Paul Coates on Finding Hope—and Doubt—in the Present Moment
In Conversation with Walter Mosley on The Quarantine Tapes
Hosted by Paul Holdengräber, The Quarantine Tapes chronicles shifting paradigms in the age of social distancing. Each day, Paul calls a guest for a brief discussion about how they are experiencing the global pandemic.
Guest host Walter Mosley is joined by W. Paul Coates on Episode 149 of The Quarantine Tapes. Paul is a publisher and the founder of Black Classic Press. Walter opens the conversation with a question about what hope Paul is finding in this moment. This leads into a deep and generative discussion about the definition of hope. They discuss Paul’s history with the Black Panthers, Medgar Evers, and Walter’s writing in their attempts to parse the difference between each of their understandings of hope, struggle, and optimism.
From the episode:
Walter Mosley: I believe that in the end, our greatest defense is hope, from enslavement to the senatorship of Georgia, from being a disenfranchised gender in 1919 to becoming vice president of the United States. In order to achieve these things, we must have hope. And in order to have hope, we must have at least an iota of optimism. That’s what I’d like to ask you today. Do you see any hope, any optimism, we can garner in these trying times?
Paul Coates: Walter, you set that up so wonderful. I mean, you really, really did. Hope to me is such a powerful word and such a powerful notion, I probably should say. And then you talk about in order to accomplish whatever it is we’re doing, we have to have hope, and we have to have an iota of optimism. It’s very, very heavy because I’m not a person that subscribes to—in total—the prescription that you just laid out. I don’t subscribe to it, although I believe what you’re saying is true. I believe that in order to go forward, there is often and has to be some idea of hope. I believe that.
At the same time, when it comes to thinking about what’s happening today, I can hope all day long. But on the other side of it is this fascist.
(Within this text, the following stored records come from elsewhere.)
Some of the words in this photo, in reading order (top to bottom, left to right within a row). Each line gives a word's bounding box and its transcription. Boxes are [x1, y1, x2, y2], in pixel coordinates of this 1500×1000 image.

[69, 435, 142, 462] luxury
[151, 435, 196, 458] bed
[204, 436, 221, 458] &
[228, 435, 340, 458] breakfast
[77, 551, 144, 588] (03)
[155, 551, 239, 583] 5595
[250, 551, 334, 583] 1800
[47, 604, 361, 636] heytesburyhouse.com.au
I mean, this real, real fascist that—you know, I’m in Washington today, and a few blocks away from me is a group of people who the president has called to this city to disrupt everything.
Now I can hope, but hope is like believing in something. And what do I have to base that on, Walter? I have to base it on, what—historical precedent? It’s almost hope against hope, because if I look at what I’m going to be optimistic about, I have to have a reason for being optimistic, and that reason doesn’t exist unless I look back at the past. It’s not in the future; it’s in the past somewhere, I guess.
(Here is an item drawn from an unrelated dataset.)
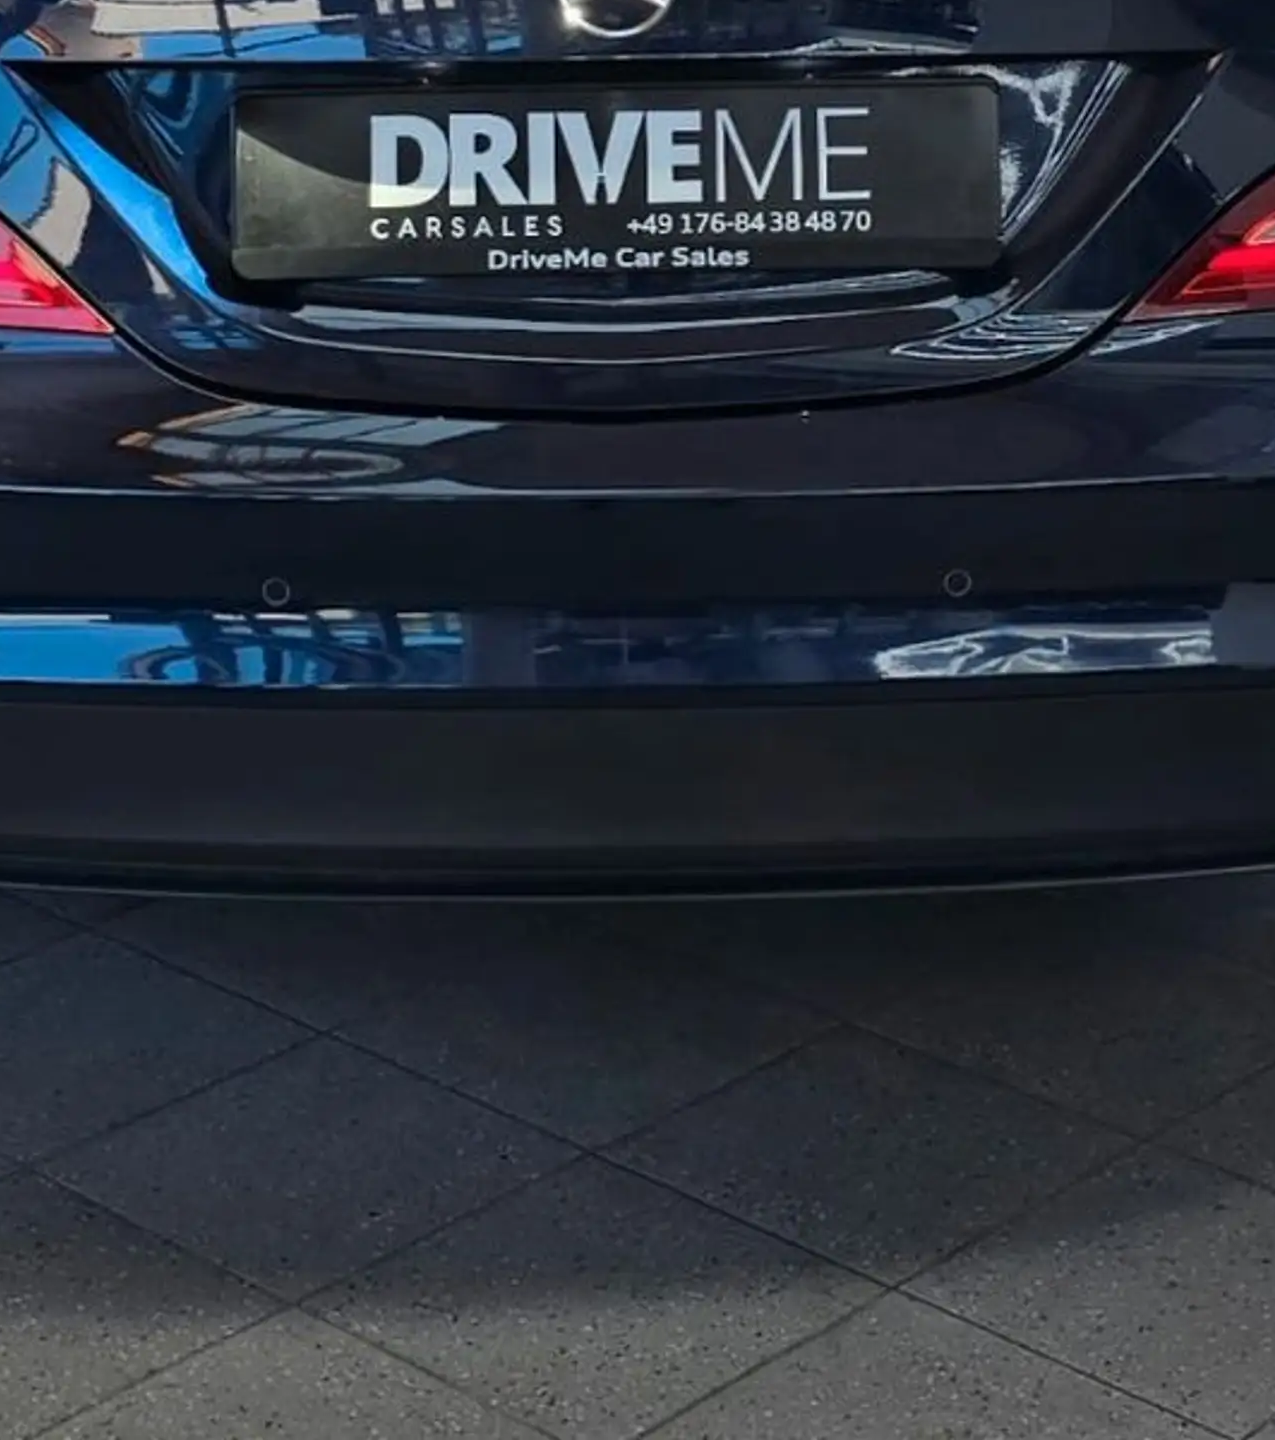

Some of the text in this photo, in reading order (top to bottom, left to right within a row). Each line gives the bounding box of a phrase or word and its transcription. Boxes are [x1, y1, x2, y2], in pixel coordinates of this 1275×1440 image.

[369, 105, 872, 208] DRIVEME
[369, 215, 564, 240] CARSALES
[626, 213, 673, 235] +49
[487, 246, 751, 270] DriveMe Car Sales
Walter, your question and how you set it up causes me to go in places that I don’t usually go, man. So that’s why I say the setup is heavy. But hope, the whole notion of hope and the whole notion of optimism—what has always got me about hope is hope is positive. You’re positive if you have hope. I just want to say, if you look at the opposite of hope, if you look at the opposite of optimism, everything becomes negative. And I don’t think that’s necessarily the case. You can have doubts, couldn’t you? You could have doubts that could block hope, and would that be as negative? I’m more in the doubter camp. I’m over there on that side. I don’t know about having hope on this thing. I don’t know about being optimistic. I’m saying it could go either way, man.
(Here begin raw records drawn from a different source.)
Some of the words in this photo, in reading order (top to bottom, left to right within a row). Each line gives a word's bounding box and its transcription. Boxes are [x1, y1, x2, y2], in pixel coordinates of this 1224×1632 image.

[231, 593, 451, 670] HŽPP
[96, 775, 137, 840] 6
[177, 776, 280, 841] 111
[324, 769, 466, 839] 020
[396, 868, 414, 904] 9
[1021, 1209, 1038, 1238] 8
To listen to the episode, as well as the whole archive of The Quarantine Tapes, subscribe and listen on iTunes or wherever else you find your favorite podcasts.
W. Paul Coates is the founder of Black Classic Press and BCP Digital Printing. Black Classic Press, founded in 1978, specializes in republishing obscure and significant works by and about people of African descent. BCP Digital Printing was founded in 1996 as a parallel entity of the Press. The printing company uses state of the art digital technology to produce books and documents On Demand. The acquisition of digital printing technology distinguishes the press from other small publishing companies and places Black Classic Press on the cutting edge of 21st century technology.
As a former African American Studies reference and acquisition librarian at Howard University’s Moorland-Spingarn Research Center, Mr.. Coates was responsible for collection development of African American books and related materials. His responsibilities included the selection and purchase of rare and non-rare items.
Mr. Coates is a graduate of Atlanta University’s School of Library and Information Studies (1980) and SDC/Antioch University (1979). He is an active Black bibliophile and collector of cultural artifacts. Mr. Coates is co-editor of Black Bibliophiles and Collectors: Preservers of Black History (1990, Howard Univ. Press). He is a founding member and chair of the National Association of Black Book Publishers. In addition, he served as adjunct instructor of African American Studies at Sojourner-Douglass College, Baltimore, MD. He formerly owned and operated The Black Book (1972-1978), a Baltimore-based bookstore. His experience with the purchase, sale, and collection of books by and about Blacks is a love affair that has continued more than two and one half decades.